Before you have kids, you inevitably hear about what it's like. In my case, I heard a lot of negatives. Sometimes it was a bit hard to grasp why people kept having kids. I didn't really understand the positives. I assumed they were there, and I assumed they were big, and I assumed (more like hoped) that someday I would understand.
So then I had Jane, and we were sitting in the hospital room and she was three hours old and Michael and I were just looking at her like - You are the coolest person ever. And I wanted to do it all over again, right there, and have a million more, and right then I couldn't understand the negatives. There were negatives?
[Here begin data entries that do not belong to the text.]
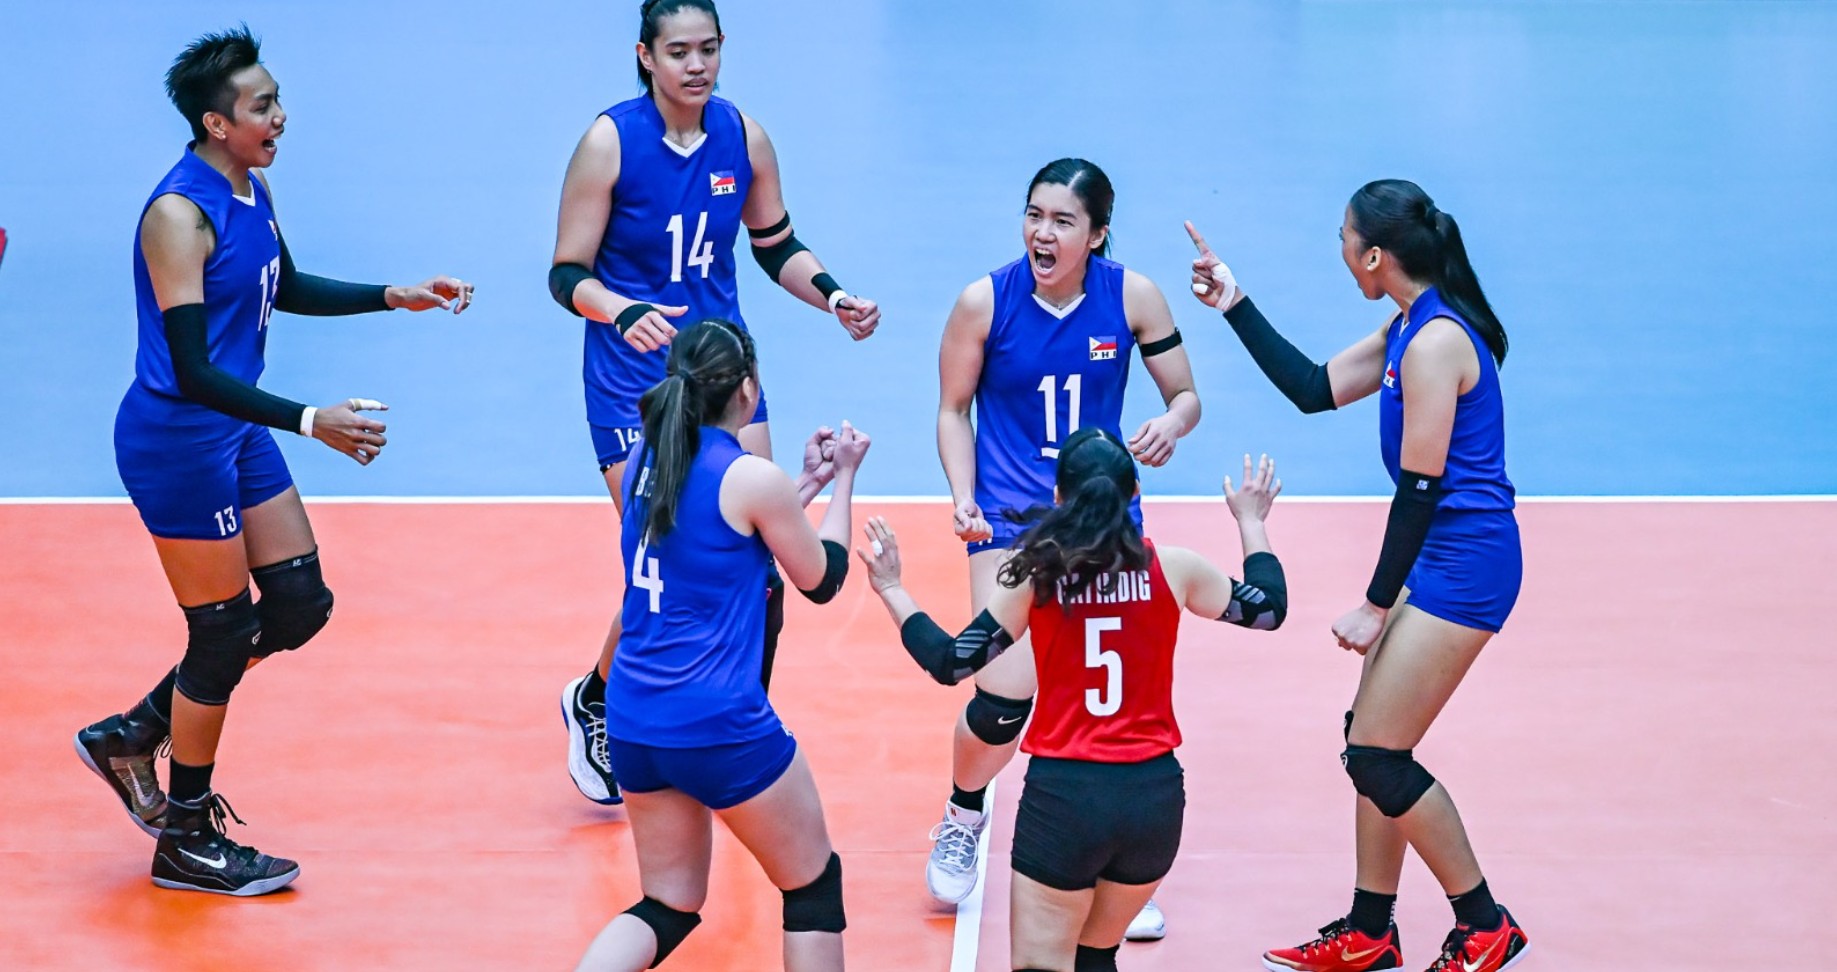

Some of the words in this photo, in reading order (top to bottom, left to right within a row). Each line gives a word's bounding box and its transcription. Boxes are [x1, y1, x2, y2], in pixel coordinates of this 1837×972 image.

[711, 184, 736, 194] PHI
[665, 211, 715, 282] 14
[1090, 350, 1117, 359] PHI
[1037, 374, 1081, 442] 11
[614, 427, 641, 451] 14
[214, 505, 237, 536] 13
[632, 525, 664, 613] 4
[1084, 616, 1123, 717] 5
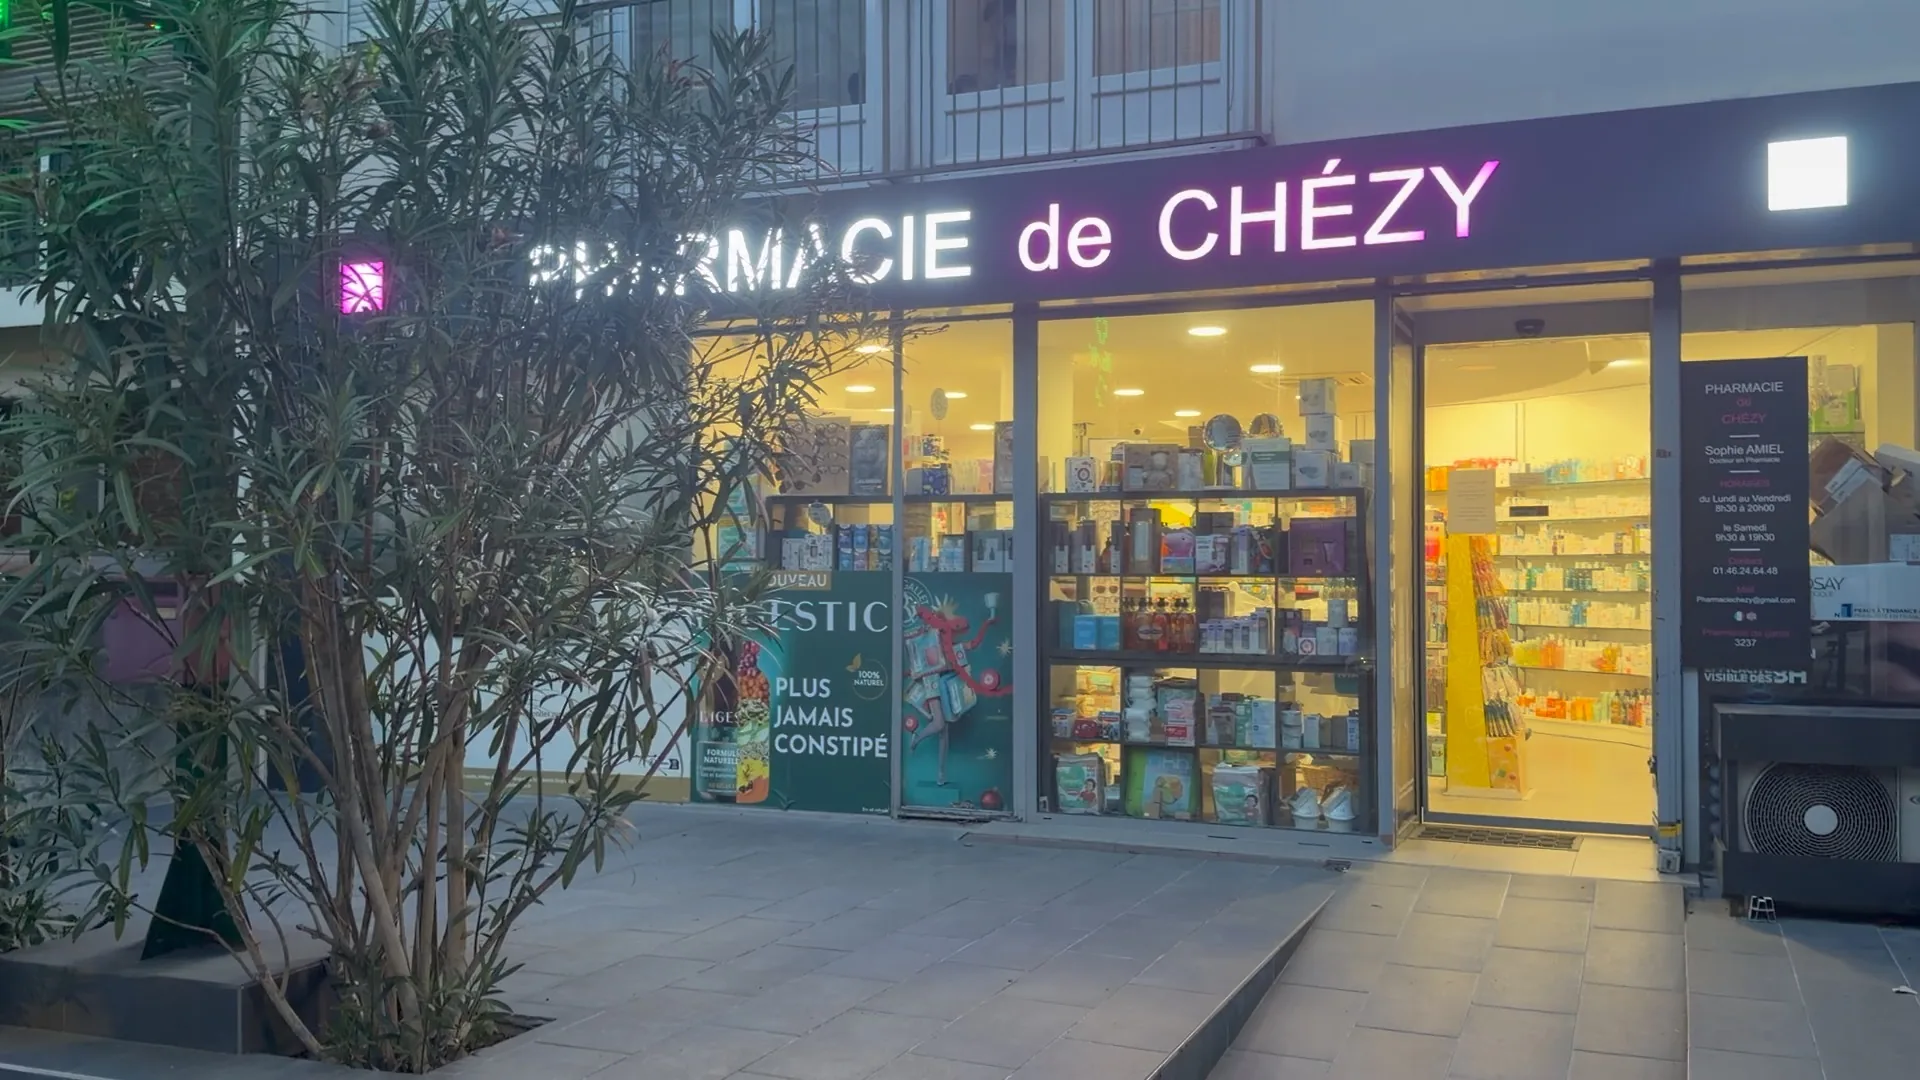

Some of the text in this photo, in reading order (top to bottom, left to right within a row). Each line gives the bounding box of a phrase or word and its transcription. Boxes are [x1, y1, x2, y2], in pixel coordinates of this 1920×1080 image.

[529, 158, 1500, 304] PHRMACIE de CHÉZY
[1704, 381, 1784, 394] PHARMACIE
[1704, 444, 1785, 457] Sophie AMIEL
[1699, 494, 1791, 503] du Lundi au Vendredi
[1715, 503, 1775, 513] 8h30 à 20h00
[1722, 523, 1767, 532] le Samedi
[1715, 533, 1776, 542] 9h30 à 19h30
[1712, 566, 1779, 576] 01.46.24.64.48
[767, 574, 827, 587] OUVEAU
[1734, 638, 1757, 647] 3237
[857, 670, 881, 680] 100%
[1704, 672, 1749, 683] VISIBLE
[775, 677, 831, 698] PLUS
[854, 678, 885, 687] NATUREL
[773, 704, 854, 728] JAMAIS
[774, 732, 888, 758] CONSTIPÉ
They inevitably came. Days when I was really tired and was unsure how to keep chugging. There are tough things about being a mommy. But I thought it would be long periods of the negatives... like long periods of depression and fatigue and feeling like crap. Instead, what it turned out to be was more like being bipolar. I called it Motherhood Bipolarism. Because I could be crying from fatigue or whatever, and then 20 minutes later I'd be holding Jane and be like, "Ohmigod, I'm so happee!"
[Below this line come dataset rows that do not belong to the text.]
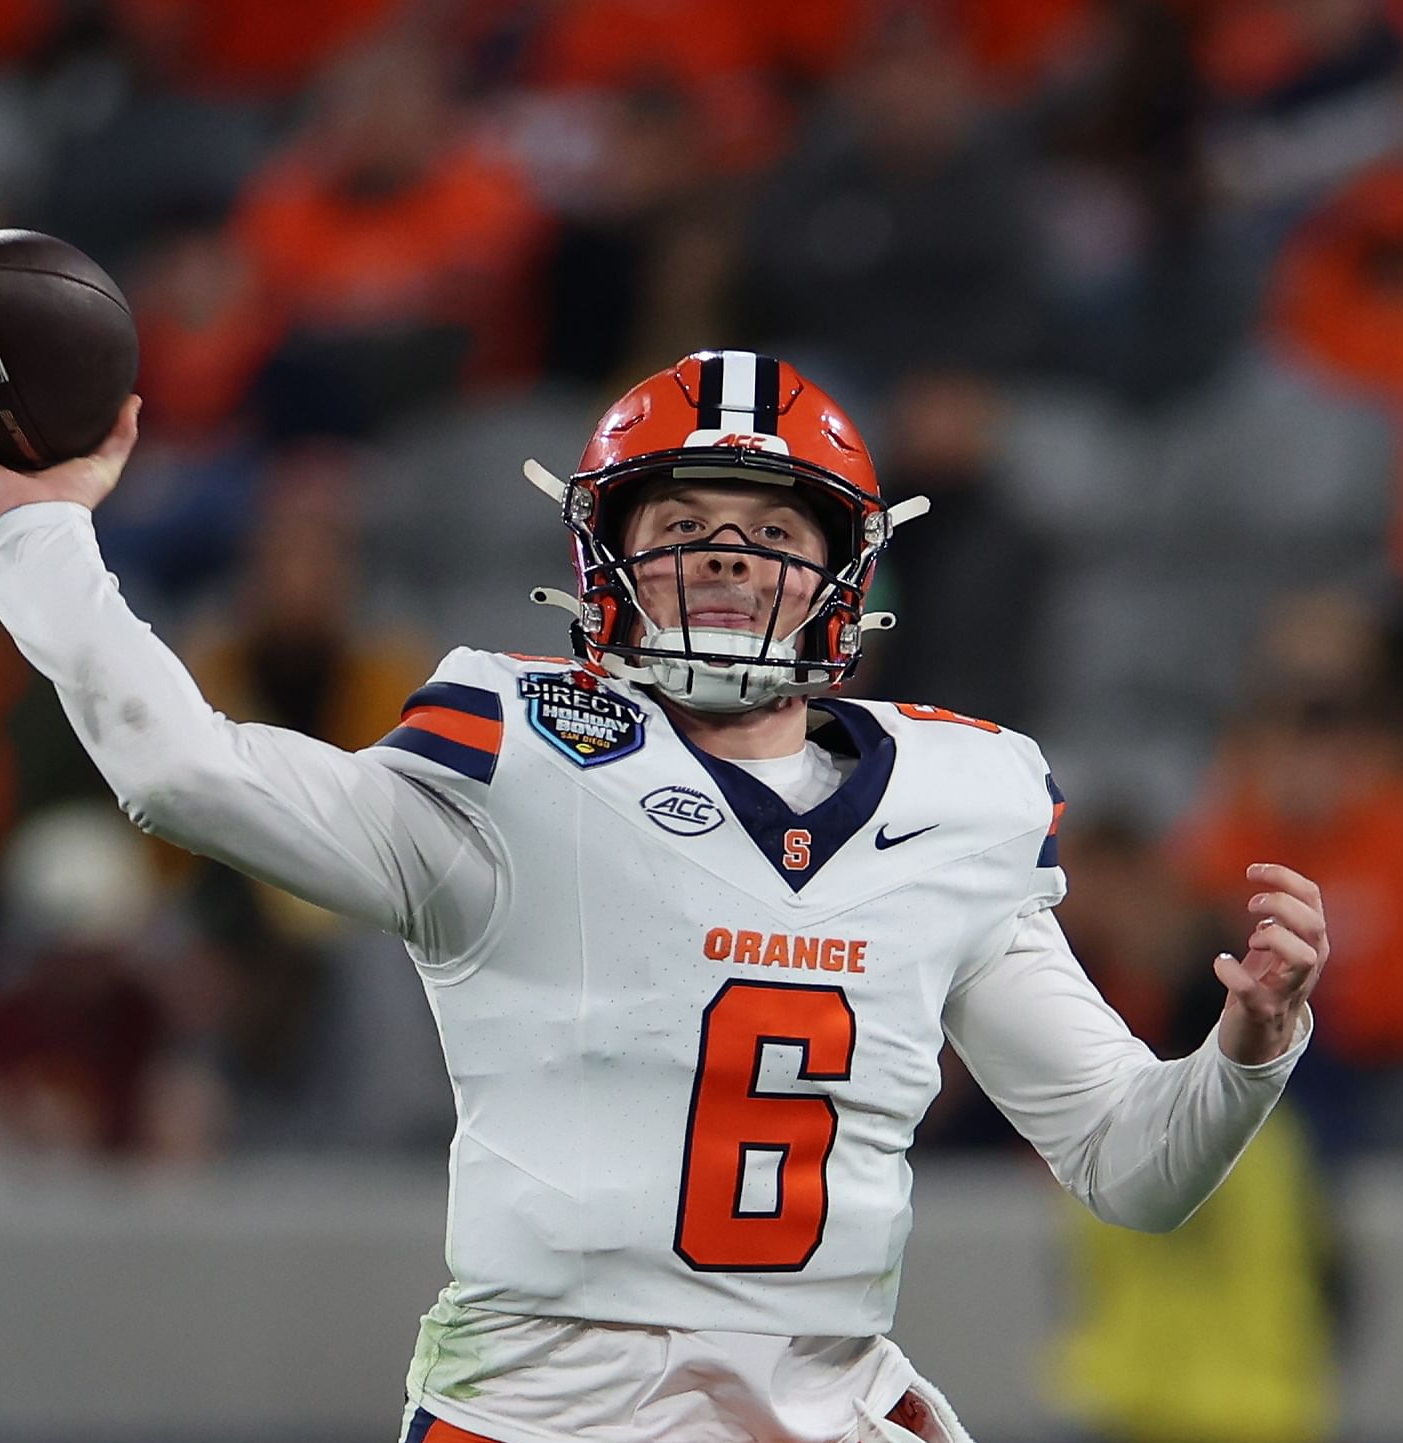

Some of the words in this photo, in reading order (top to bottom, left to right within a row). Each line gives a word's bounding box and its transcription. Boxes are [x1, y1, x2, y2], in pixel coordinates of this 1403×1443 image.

[521, 680, 645, 724] DIRECTV
[542, 704, 630, 733] HOLIDAY
[555, 718, 618, 743] BOWL
[560, 731, 580, 741] SAN
[582, 735, 610, 749] DIEGO
[653, 796, 716, 821] ACC
[782, 828, 812, 870] S
[703, 927, 868, 973] ORANGE
[673, 977, 856, 1272] 6
Months passed. Jane started walking, started having little emotions, started to toddle around the house. And she would fall down and bump her toe or her knee or her head, and she would lift herself up and come running into my arms and would cuddle her little head into my neck and stop crying and that's when it hit me: the Motherhood Crack.
Because it's so much more than just a bipolar disorder now, it's a full-fledged heroin addiction. When it's good, it's Soooo, Soooo, sooooo good. Jane throws her little arms around my neck and snuggles into me and my whole body floods with endorphins or something like them. I wonder sometimes - maybe I shouldn't coddle her? But then I'm like "what the heck" and I just let her snuggle and cuddle and then she smiles at me and oh my gosh! it is so good.
I'm shaking just thinking about it. But then, you have the inevitable lows. You're tired and the baby is fussy and won't eat her food and instead just throws it on the floor, and you're starting to go through withdrawals, feeling lethargic, wondering where you can get your next fix, feeling frustrated and irritable and generally mad. Why did I sign up for this again? How long do I have to do this again?
And then your baby gives you a kiss for the first time. A real, puckered-lip, kiss. And then she smiles and laughs. And you think, "Ohmigod, I'm so happeeeeee. Everyone should be doing this, why aren't more people doing this?" Or maybe it's not a kiss. Maybe it's watching her dance for the first time, picking up her little feet and then throwing out her arms and spinning with a big smile. Maybe it's seeing her reach out her little hand and touch your face for the first time. Maybe it's the first time she calls you "Mama." Maybe it is all of those and more, all the firsts and every time after and each one is like an injection of pure joy.
So there it is: for me, being a mommy is like being addicted to Motherhood Crack. The highest highs you've ever felt, with occasional crying. I'm a total addict.
That's how it is for me, but I'm not sure this is a general rule. I know some people who didn't feel happy for the first few months of being a parent, or who felt good at first but then had pretty bad depression several months after becoming a parent. If you have kids, what was it like for you? Is it still that way or has it changed?